Le programme est chargé pour Canal + en Côte d'Ivoire : cette année, le groupe veut lancer à la fois une chaîne de divertissement gratuite sur la TNT et le bouquet « Easy TV », sur la TNT payante.

Sur les 15,6 millions d’abonnés à Canal, près de 3,5 sont des Africains, selon les chiffres présentés à la presse par les dirigeants de Canal + International ce 19 février. Pour David Mignot, directeur Afrique du groupe, si le nombre d’abonnés africains aux bouquets payants Canal + a pu être multiplié par cinq en cinq ans, c’est d’abord grâce au changement de stratégie du groupe, en 2010.

Marché endogène

« Avant cette date, l’Afrique était vue avant tout comme un marché d’exportation. En 2010, on s’est mis à le considérer comme un marché endogène : on a lancé un satellite dédié pour une meilleure couverture du continent, créé un décodeur peu onéreux mais plus résistant aux variations de tension électrique et au piratage, multiplié nos filiales et notre réseau de distribution physique, tout en nous adaptant aux modes de règlements prépayés, notamment via le mobile-money », énumère-t-il.

Ces changements technologiques vont nécessairement se poursuivre, notamment avec le déploiement progressif de la TNT. « Nous avons déjà une plateforme payante de chaînes qui passe par la TNT : Easy TV. Elle est actuellement déployée dans trois villes de RDC et dans deux villes de la République du Congo », précise le patron Afrique du Groupe.

Coentreprise avec Orange

Prochaine étape : le lancement courant 2018 d’Easy TV en Côte d’Ivoire, via une coentreprise avec Orange. Une première pour Canal, « même si on travaille avec eux depuis des années, notamment sur le volet paiement par mobile », a précisé Jacques du Puy, président de Canal + international.

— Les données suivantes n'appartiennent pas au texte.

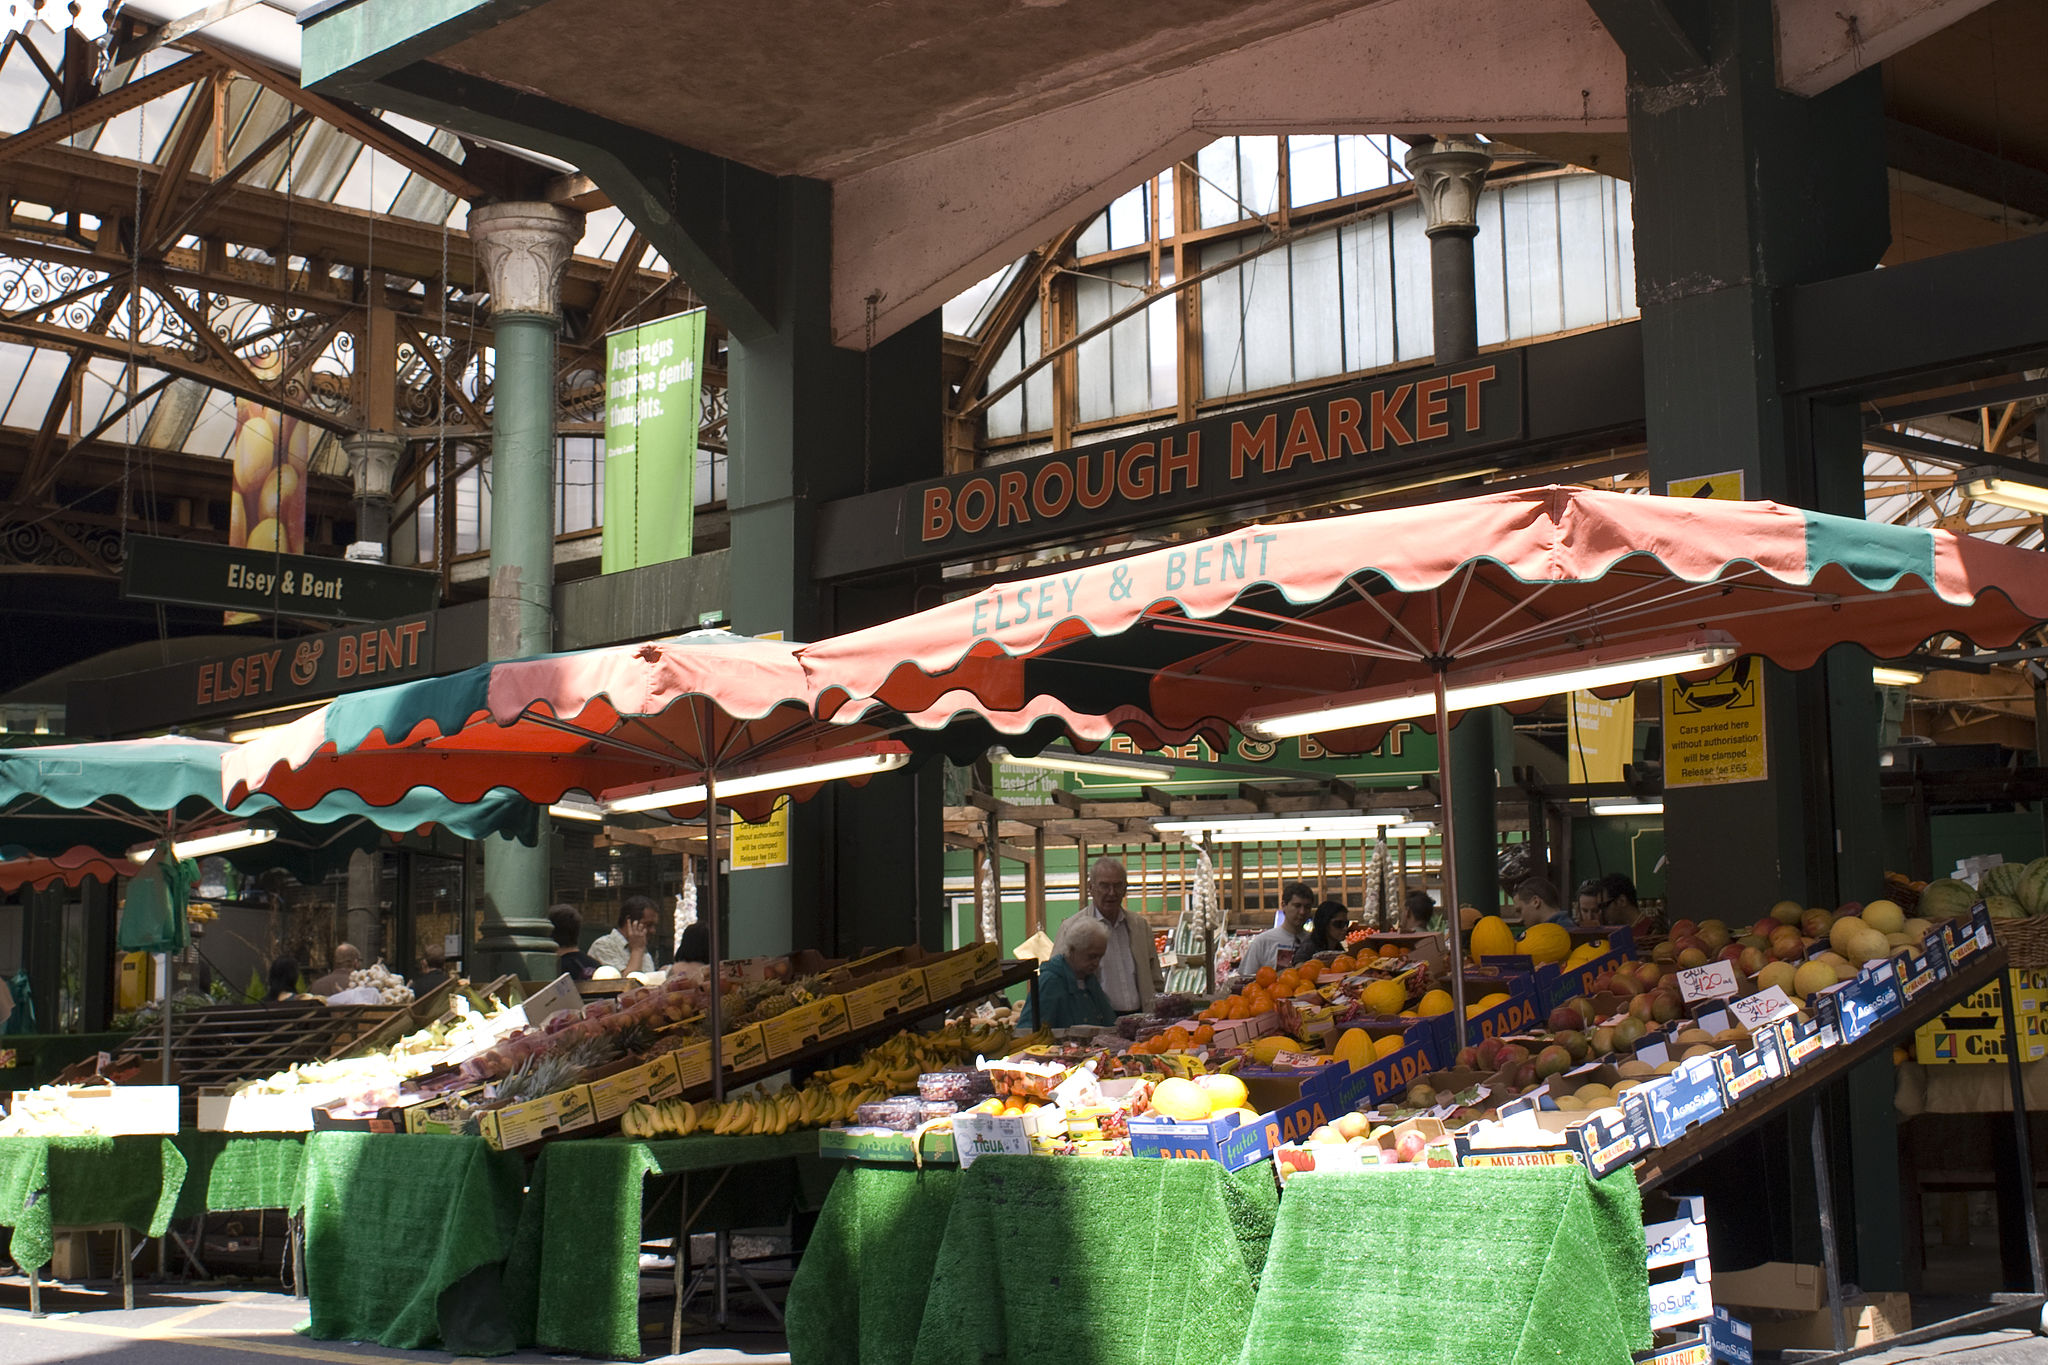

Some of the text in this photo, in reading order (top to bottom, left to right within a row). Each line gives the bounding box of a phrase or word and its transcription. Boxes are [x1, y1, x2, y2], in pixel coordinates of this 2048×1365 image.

[611, 338, 674, 373] Asparagus
[611, 370, 656, 400] inspires
[922, 365, 1496, 542] BOROUGH MARKET
[227, 563, 343, 600] Elsey & Bent
[971, 534, 1277, 637] ELSEY & BENT
[197, 621, 426, 705] ELSEY & BENT
[1110, 735, 1219, 762] EEY
[1299, 723, 1410, 758] BT
[1672, 734, 1758, 750] without authorisation
[1680, 720, 1749, 735] Cars parked here
[1681, 767, 1714, 777] Release
[1683, 749, 1747, 763] will be clamped
[1000, 776, 1058, 791] taste of the
[1481, 999, 1536, 1040] RADA
[1373, 1048, 1432, 1097] RADA
[973, 1139, 1004, 1153] TIGUA
[1226, 1129, 1259, 1165] frutas
[1265, 1102, 1329, 1150] RADA
[1491, 1154, 1556, 1167] MIRAFRUT

Autre projet ivoirien pour 2018 – et autre première pour le groupe : le lancement d’une chaîne gratuite. Canal + a en effet obtenu, via la Société audiovisuelle de Côte d’ivoire (SACI), une autorisation à émettre depuis le futur réseau. Les dirigeants du groupe n’ont voulu dévoiler ni le nom de la future chaîne, ni ses programmes, mais ont précisé qu’il s’agirait d’une chaîne « de divertissement ».

Cette chaîne s’ajoutera aux deux canaux nationaux, ainsi qu’à Life TV, la future chaîne lancée conjointement par Fabrice Sawegnonet et M6, à TV7, portée par Jean-Philippe Kaboré, qui devrait proposer de l’information en continu, ou encore à la chaîne généraliste que compte lancer Cheikh Yvhane, déjà détenteur de la radio Nostalgie.

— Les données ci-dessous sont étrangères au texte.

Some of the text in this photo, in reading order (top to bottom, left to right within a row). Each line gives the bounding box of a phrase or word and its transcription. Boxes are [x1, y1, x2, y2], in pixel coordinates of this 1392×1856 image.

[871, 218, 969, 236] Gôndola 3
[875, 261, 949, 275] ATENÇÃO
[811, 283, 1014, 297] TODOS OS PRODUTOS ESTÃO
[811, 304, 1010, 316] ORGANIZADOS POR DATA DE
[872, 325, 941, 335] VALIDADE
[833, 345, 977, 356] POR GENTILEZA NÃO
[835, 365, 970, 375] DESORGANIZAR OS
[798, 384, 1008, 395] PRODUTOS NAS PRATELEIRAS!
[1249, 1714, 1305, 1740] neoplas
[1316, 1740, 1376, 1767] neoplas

Reste à savoir si la TNT, dont le chantier ne cesse d’accumuler les retards, sera bien déployée en 2018. « Cela ne dépend pas de nous : la société publique qui doit encadrer la migration n’est pas encore en place », glisse Jacques du Puy.

Objectif : 8 millions d’abonnés en 2020

Au-delà de la côte d’Ivoire, les dirigeants de Canal + ont dévoilé les ambitions de leur actionnaire Vincent Bolloré pour l’Afrique : l’équipement de 50 % des foyers électrifiés d’ici 2020 – soit 8 millions d’abonnements. « Cet objectif est à la fois ambitieux et réaliste », commente Jacques du Puy, insistant sur l’importance pour le groupe d’atteindre une « masse critique ».

La pénétration de Canal + sur le continent est en effet perçue comme un bon moyen de déployer les autres activités du groupes Vivendi, des salles de spectacle CanalOlympia au label Island Africa, en passant par la plateforme de SVOD Iroko+.

Parmi les chantiers africains du groupe figure en outre la structuration du marché publicitaire télévisuel, encore très faible (« de l’ordre de 100 millions d’euros pour l’ensemble de l’Afrique francophone »), et l’exploitation du catalogue « maison » – « le groupe a tourné 1 200 heures de programmes, mais ces contenus circulent peu », précise David Mignot.

Interrogés sur leur absence du Maghreb, malgré plusieurs tentatives, les dirigeants du groupe ont précisé que même « s’il ne s’agit pas d’un abandon définitif du dossier », il était impossible pour eux de revenir en Afrique du Nord « tant que les pratiques actuelles de piratage ne sont pas jugulées ».